*** Opening of Data records ***

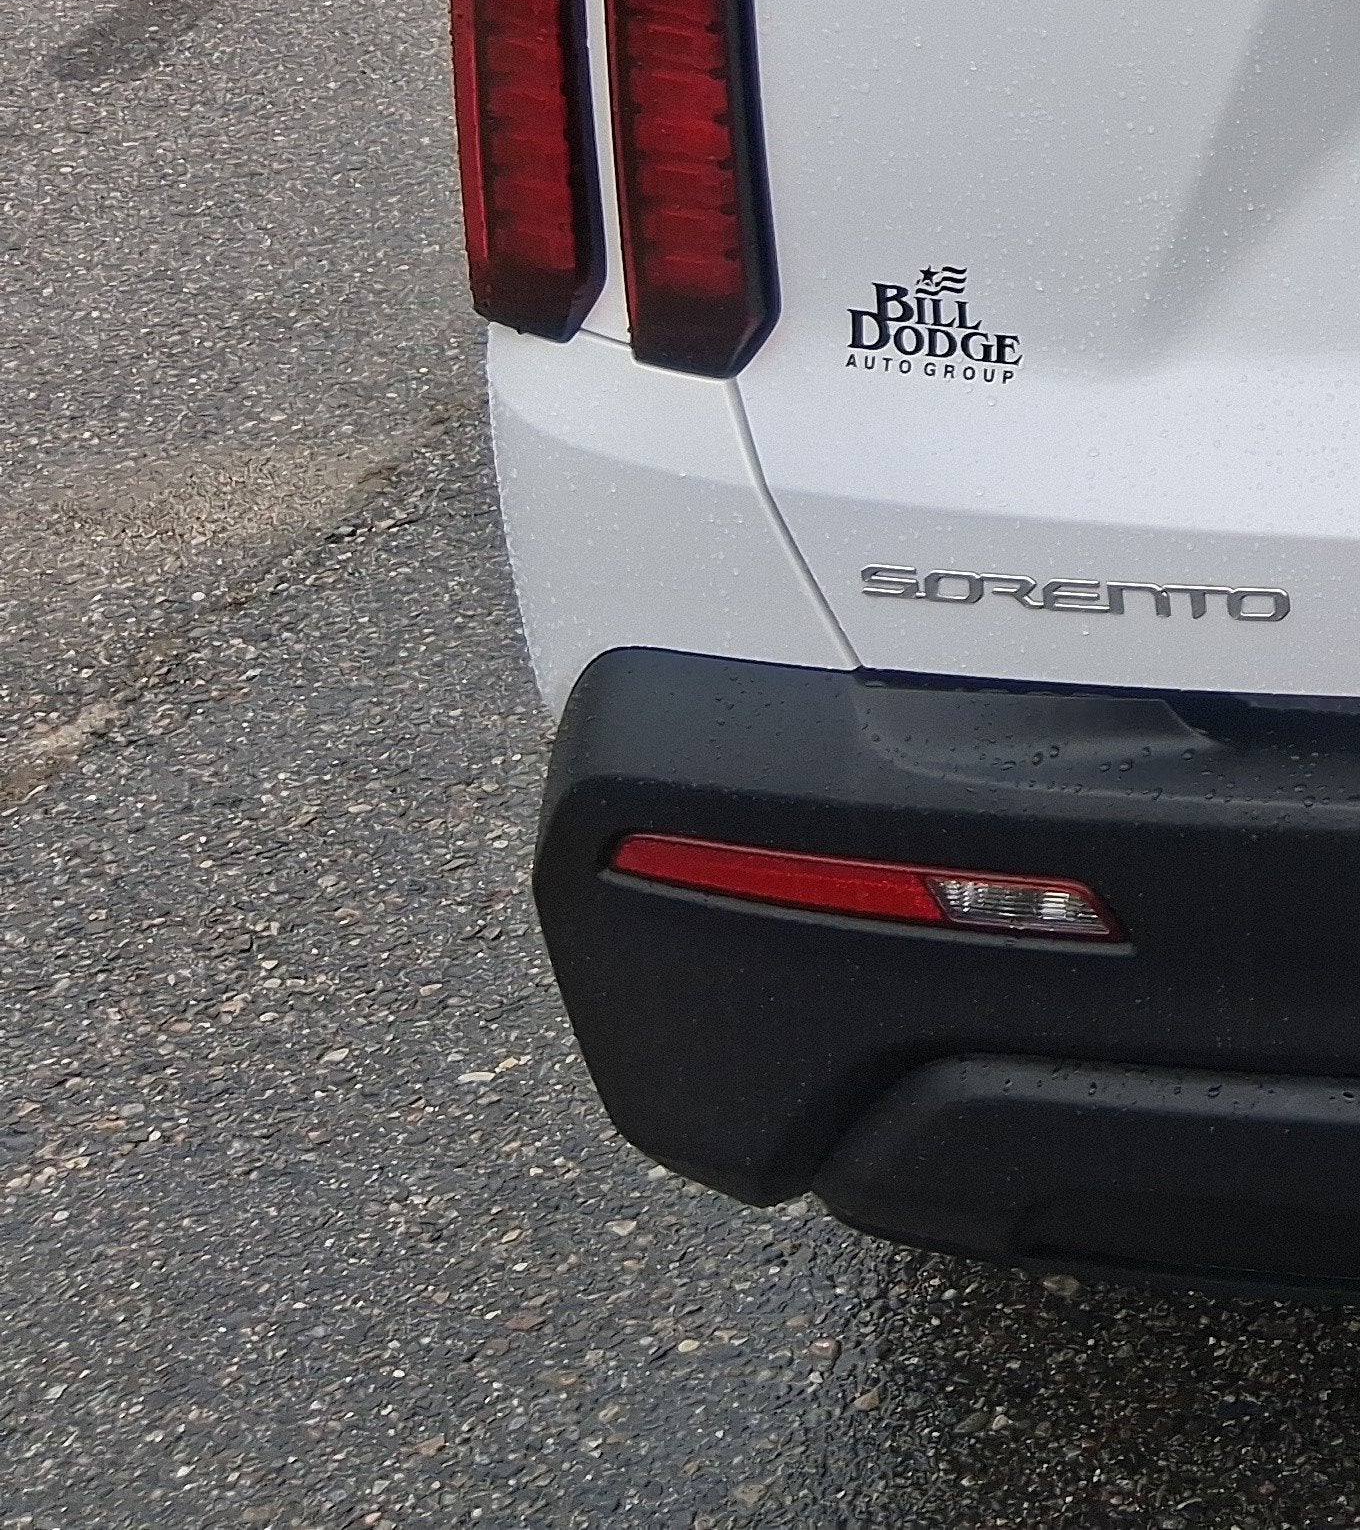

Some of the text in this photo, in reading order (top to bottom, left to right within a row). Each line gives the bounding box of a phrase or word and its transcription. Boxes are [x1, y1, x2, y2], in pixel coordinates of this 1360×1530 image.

[872, 282, 982, 330] BILL
[847, 308, 1022, 365] DODGE
[845, 354, 1014, 384] AUTO GROUP
[861, 563, 1291, 621] SORENTO
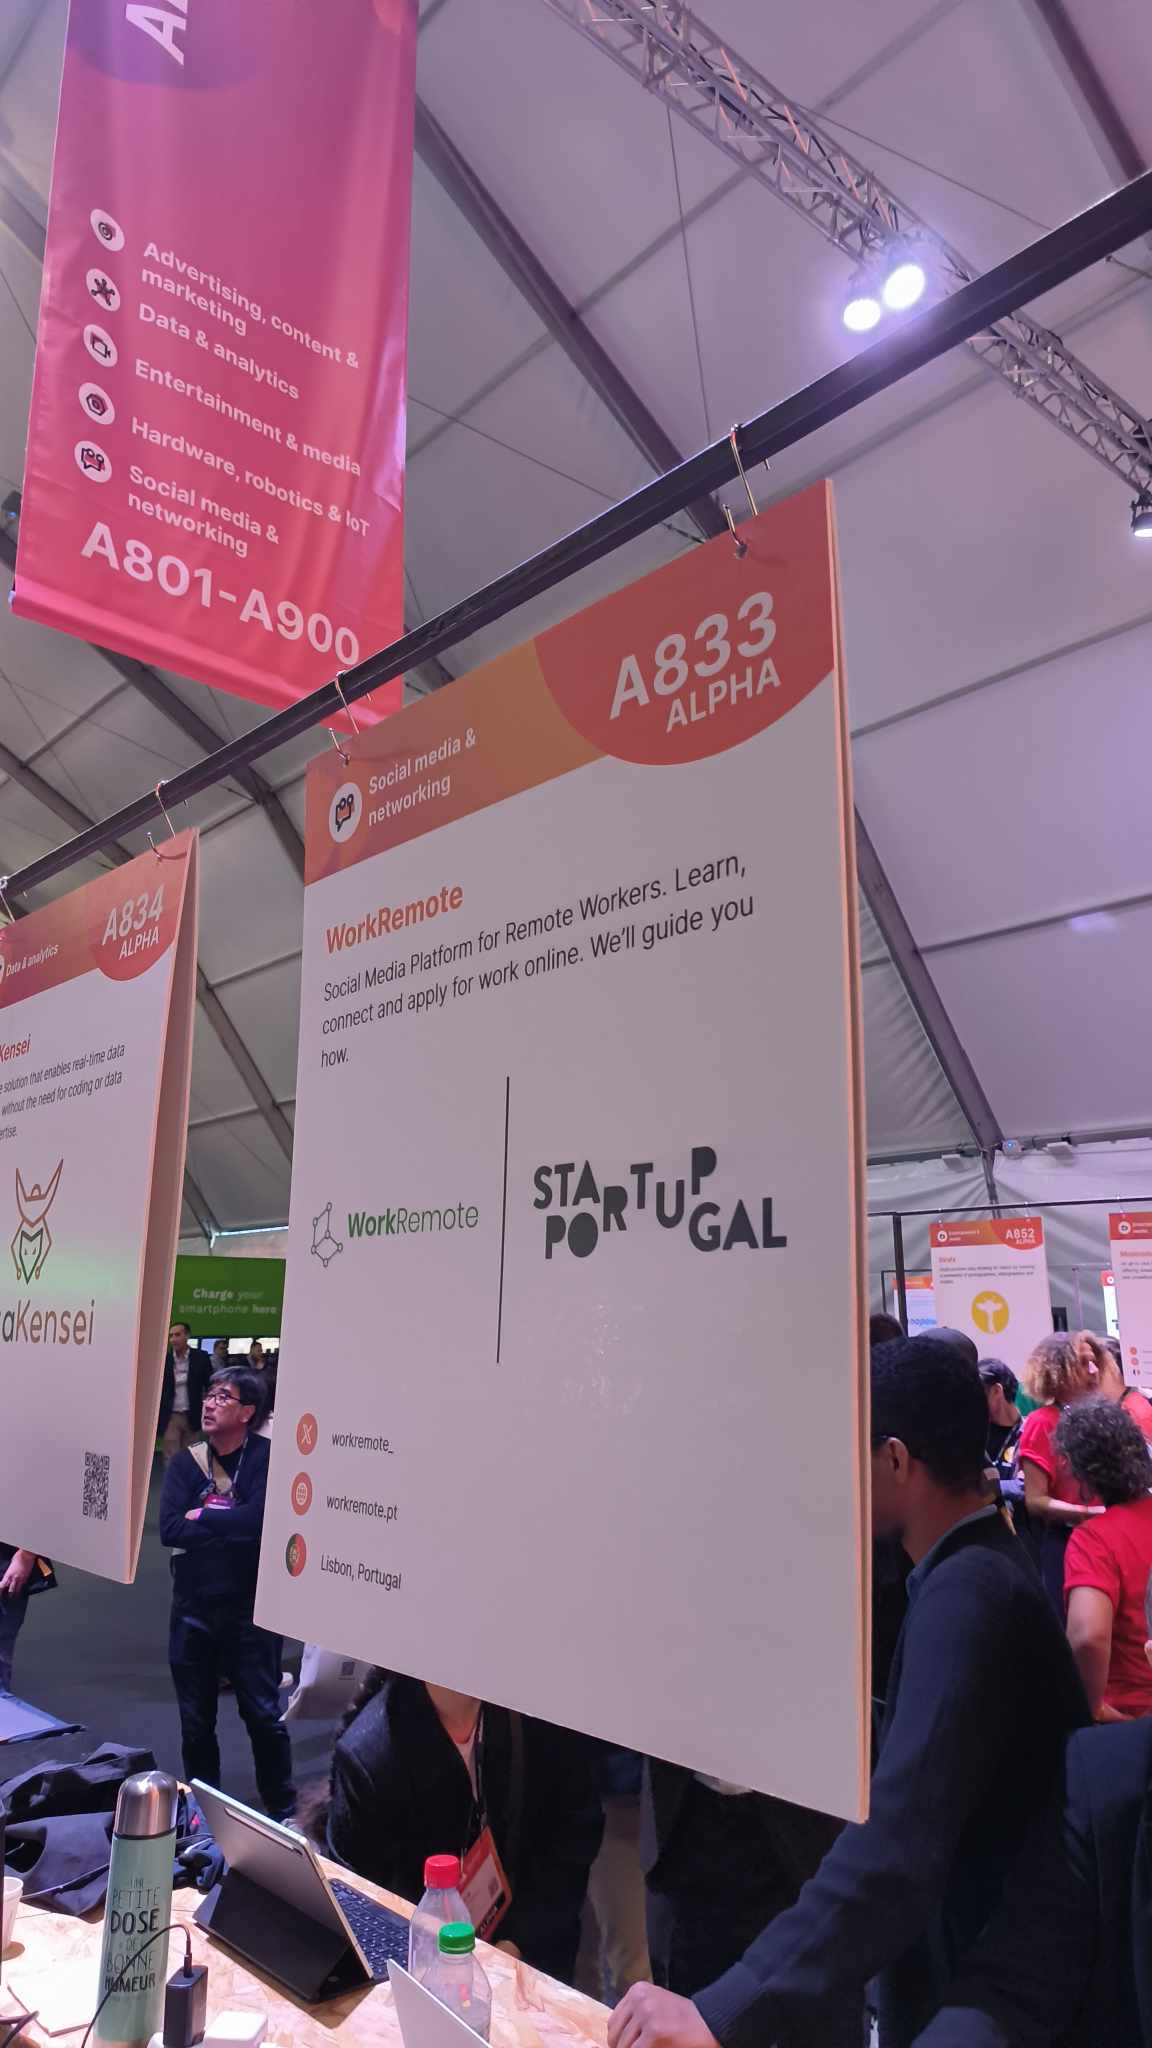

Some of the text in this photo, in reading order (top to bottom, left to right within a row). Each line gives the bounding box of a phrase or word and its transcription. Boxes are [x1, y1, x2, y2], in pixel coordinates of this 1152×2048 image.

[142, 268, 247, 336] marketing
[144, 242, 358, 368] Advertising, content &
[139, 303, 299, 399] Data & analytics
[135, 358, 360, 476] Entertainment & media
[129, 464, 279, 545] Social media &
[132, 417, 370, 536] Hardware, robotics & IoT
[128, 492, 248, 558] networking
[81, 521, 359, 665] A801-A900
[609, 591, 777, 720] A833
[666, 657, 781, 733] ALPHA
[368, 727, 476, 794] Social media &
[368, 775, 450, 827] networking
[101, 884, 165, 946] A834
[119, 926, 160, 960] ALPHA
[324, 855, 745, 1002] Social Media Platform for Remote Workers. Learn,
[326, 886, 464, 954] WorkRemote
[6, 962, 21, 977] Data
[28, 944, 59, 966] analytics
[322, 896, 753, 1035] connect and apply for work online. We'll guide you
[4, 1075, 28, 1093] solution
[30, 1070, 43, 1085] that
[44, 1061, 71, 1080] enables
[72, 1050, 105, 1071] real-time
[106, 1044, 125, 1061] data
[321, 1048, 349, 1068] how.
[26, 1096, 37, 1109] the
[38, 1088, 56, 1105] need
[57, 1086, 68, 1102] for
[68, 1079, 93, 1098] coding
[94, 1077, 104, 1090] or
[104, 1071, 123, 1088] data
[348, 1202, 479, 1238] WorkRemote
[0, 1299, 95, 1345] aKensei
[193, 1288, 233, 1301] Charge
[332, 1432, 394, 1454] workremote_
[326, 1495, 398, 1523] workremote.pt
[320, 1554, 401, 1592] Lisbon, Portugal
[110, 1909, 159, 1935] DOSE
[112, 1887, 160, 1908] PETITE

*** Close of Data records ***

What the task requires:
Set down every record exactly, without the pictures.

Exercise result:
Some of the text in this photo, in reading order (top to bottom, left to right within a row). Each line gives the bounding box of a phrase or word and its transcription. Boxes are [x1, y1, x2, y2], in pixel coordinates of this 1360×1530 image.

[872, 282, 982, 330] BILL
[847, 308, 1022, 365] DODGE
[845, 354, 1014, 384] AUTO GROUP
[861, 563, 1291, 621] SORENTO

Some of the text in this photo, in reading order (top to bottom, left to right within a row). Each line gives the bounding box of a phrase or word and its transcription. Boxes are [x1, y1, x2, y2], in pixel coordinates of this 1152×2048 image.

[142, 268, 247, 336] marketing
[144, 242, 358, 368] Advertising, content &
[139, 303, 299, 399] Data & analytics
[135, 358, 360, 476] Entertainment & media
[129, 464, 279, 545] Social media &
[132, 417, 370, 536] Hardware, robotics & IoT
[128, 492, 248, 558] networking
[81, 521, 359, 665] A801-A900
[609, 591, 777, 720] A833
[666, 657, 781, 733] ALPHA
[368, 727, 476, 794] Social media &
[368, 775, 450, 827] networking
[101, 884, 165, 946] A834
[119, 926, 160, 960] ALPHA
[324, 855, 745, 1002] Social Media Platform for Remote Workers. Learn,
[326, 886, 464, 954] WorkRemote
[6, 962, 21, 977] Data
[28, 944, 59, 966] analytics
[322, 896, 753, 1035] connect and apply for work online. We'll guide you
[4, 1075, 28, 1093] solution
[30, 1070, 43, 1085] that
[44, 1061, 71, 1080] enables
[72, 1050, 105, 1071] real-time
[106, 1044, 125, 1061] data
[321, 1048, 349, 1068] how.
[26, 1096, 37, 1109] the
[38, 1088, 56, 1105] need
[57, 1086, 68, 1102] for
[68, 1079, 93, 1098] coding
[94, 1077, 104, 1090] or
[104, 1071, 123, 1088] data
[348, 1202, 479, 1238] WorkRemote
[0, 1299, 95, 1345] aKensei
[193, 1288, 233, 1301] Charge
[332, 1432, 394, 1454] workremote_
[326, 1495, 398, 1523] workremote.pt
[320, 1554, 401, 1592] Lisbon, Portugal
[110, 1909, 159, 1935] DOSE
[112, 1887, 160, 1908] PETITE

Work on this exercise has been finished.